> **Extracted records**
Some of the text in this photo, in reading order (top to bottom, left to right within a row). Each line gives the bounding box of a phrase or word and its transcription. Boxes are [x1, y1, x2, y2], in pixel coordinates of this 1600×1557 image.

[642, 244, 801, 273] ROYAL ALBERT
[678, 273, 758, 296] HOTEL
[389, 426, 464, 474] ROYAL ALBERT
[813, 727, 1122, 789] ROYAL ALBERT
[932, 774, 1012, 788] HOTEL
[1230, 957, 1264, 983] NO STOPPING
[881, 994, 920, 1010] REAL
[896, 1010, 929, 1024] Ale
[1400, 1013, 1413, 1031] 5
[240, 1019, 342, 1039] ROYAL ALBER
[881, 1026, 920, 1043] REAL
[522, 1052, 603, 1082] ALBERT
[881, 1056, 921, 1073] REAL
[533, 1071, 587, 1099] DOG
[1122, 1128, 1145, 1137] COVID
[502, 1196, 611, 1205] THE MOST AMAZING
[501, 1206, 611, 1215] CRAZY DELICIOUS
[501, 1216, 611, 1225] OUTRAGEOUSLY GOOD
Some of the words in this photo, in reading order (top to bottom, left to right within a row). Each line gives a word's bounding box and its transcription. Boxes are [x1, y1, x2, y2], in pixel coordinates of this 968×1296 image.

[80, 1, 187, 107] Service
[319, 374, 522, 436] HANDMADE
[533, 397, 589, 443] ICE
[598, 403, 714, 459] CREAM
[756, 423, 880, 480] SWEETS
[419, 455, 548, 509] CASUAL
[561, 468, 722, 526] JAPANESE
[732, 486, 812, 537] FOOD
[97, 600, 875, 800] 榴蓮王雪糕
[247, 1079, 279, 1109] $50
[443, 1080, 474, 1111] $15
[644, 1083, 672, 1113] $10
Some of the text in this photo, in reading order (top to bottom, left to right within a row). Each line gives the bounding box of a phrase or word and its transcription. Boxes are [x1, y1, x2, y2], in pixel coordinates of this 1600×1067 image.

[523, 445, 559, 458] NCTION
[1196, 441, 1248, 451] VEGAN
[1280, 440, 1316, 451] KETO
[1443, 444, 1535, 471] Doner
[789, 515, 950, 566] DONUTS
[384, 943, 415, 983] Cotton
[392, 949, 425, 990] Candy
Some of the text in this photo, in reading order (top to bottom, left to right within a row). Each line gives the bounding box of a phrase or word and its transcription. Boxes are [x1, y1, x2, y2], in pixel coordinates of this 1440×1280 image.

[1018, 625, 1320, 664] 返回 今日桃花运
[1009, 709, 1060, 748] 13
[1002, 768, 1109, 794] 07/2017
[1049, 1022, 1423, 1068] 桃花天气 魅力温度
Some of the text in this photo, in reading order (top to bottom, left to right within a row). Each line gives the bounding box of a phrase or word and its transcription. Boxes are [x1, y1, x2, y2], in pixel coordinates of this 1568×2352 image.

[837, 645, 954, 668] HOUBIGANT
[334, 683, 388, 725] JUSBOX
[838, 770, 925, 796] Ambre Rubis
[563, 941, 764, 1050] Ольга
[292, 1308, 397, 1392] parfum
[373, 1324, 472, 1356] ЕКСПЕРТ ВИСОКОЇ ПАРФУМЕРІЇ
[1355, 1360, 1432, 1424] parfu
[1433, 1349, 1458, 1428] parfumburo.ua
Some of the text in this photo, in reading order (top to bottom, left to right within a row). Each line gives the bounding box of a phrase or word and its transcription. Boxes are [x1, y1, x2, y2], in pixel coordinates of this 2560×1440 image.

> **What you will do**
An exact copy of every record is needed, so retype them all.

> **Solution to the problem**
Some of the text in this photo, in reading order (top to bottom, left to right within a row). Each line gives the bounding box of a phrase or word and its transcription. Boxes are [x1, y1, x2, y2], in pixel coordinates of this 1600×1557 image.

[642, 244, 801, 273] ROYAL ALBERT
[678, 273, 758, 296] HOTEL
[389, 426, 464, 474] ROYAL ALBERT
[813, 727, 1122, 789] ROYAL ALBERT
[932, 774, 1012, 788] HOTEL
[1230, 957, 1264, 983] NO STOPPING
[881, 994, 920, 1010] REAL
[896, 1010, 929, 1024] Ale
[1400, 1013, 1413, 1031] 5
[240, 1019, 342, 1039] ROYAL ALBER
[881, 1026, 920, 1043] REAL
[522, 1052, 603, 1082] ALBERT
[881, 1056, 921, 1073] REAL
[533, 1071, 587, 1099] DOG
[1122, 1128, 1145, 1137] COVID
[502, 1196, 611, 1205] THE MOST AMAZING
[501, 1206, 611, 1215] CRAZY DELICIOUS
[501, 1216, 611, 1225] OUTRAGEOUSLY GOOD
Some of the words in this photo, in reading order (top to bottom, left to right within a row). Each line gives a word's bounding box and its transcription. Boxes are [x1, y1, x2, y2], in pixel coordinates of this 968×1296 image.

[80, 1, 187, 107] Service
[319, 374, 522, 436] HANDMADE
[533, 397, 589, 443] ICE
[598, 403, 714, 459] CREAM
[756, 423, 880, 480] SWEETS
[419, 455, 548, 509] CASUAL
[561, 468, 722, 526] JAPANESE
[732, 486, 812, 537] FOOD
[97, 600, 875, 800] 榴蓮王雪糕
[247, 1079, 279, 1109] $50
[443, 1080, 474, 1111] $15
[644, 1083, 672, 1113] $10
Some of the text in this photo, in reading order (top to bottom, left to right within a row). Each line gives the bounding box of a phrase or word and its transcription. Boxes are [x1, y1, x2, y2], in pixel coordinates of this 1600×1067 image.

[523, 445, 559, 458] NCTION
[1196, 441, 1248, 451] VEGAN
[1280, 440, 1316, 451] KETO
[1443, 444, 1535, 471] Doner
[789, 515, 950, 566] DONUTS
[384, 943, 415, 983] Cotton
[392, 949, 425, 990] Candy
Some of the text in this photo, in reading order (top to bottom, left to right within a row). Each line gives the bounding box of a phrase or word and its transcription. Boxes are [x1, y1, x2, y2], in pixel coordinates of this 1440×1280 image.

[1018, 625, 1320, 664] 返回 今日桃花运
[1009, 709, 1060, 748] 13
[1002, 768, 1109, 794] 07/2017
[1049, 1022, 1423, 1068] 桃花天气 魅力温度
Some of the text in this photo, in reading order (top to bottom, left to right within a row). Each line gives the bounding box of a phrase or word and its transcription. Boxes are [x1, y1, x2, y2], in pixel coordinates of this 1568×2352 image.

[837, 645, 954, 668] HOUBIGANT
[334, 683, 388, 725] JUSBOX
[838, 770, 925, 796] Ambre Rubis
[563, 941, 764, 1050] Ольга
[292, 1308, 397, 1392] parfum
[373, 1324, 472, 1356] ЕКСПЕРТ ВИСОКОЇ ПАРФУМЕРІЇ
[1355, 1360, 1432, 1424] parfu
[1433, 1349, 1458, 1428] parfumburo.ua
Some of the text in this photo, in reading order (top to bottom, left to right within a row). Each line gives the bounding box of a phrase or word and its transcription. Boxes are [x1, y1, x2, y2], in pixel coordinates of this 2560×1440 image.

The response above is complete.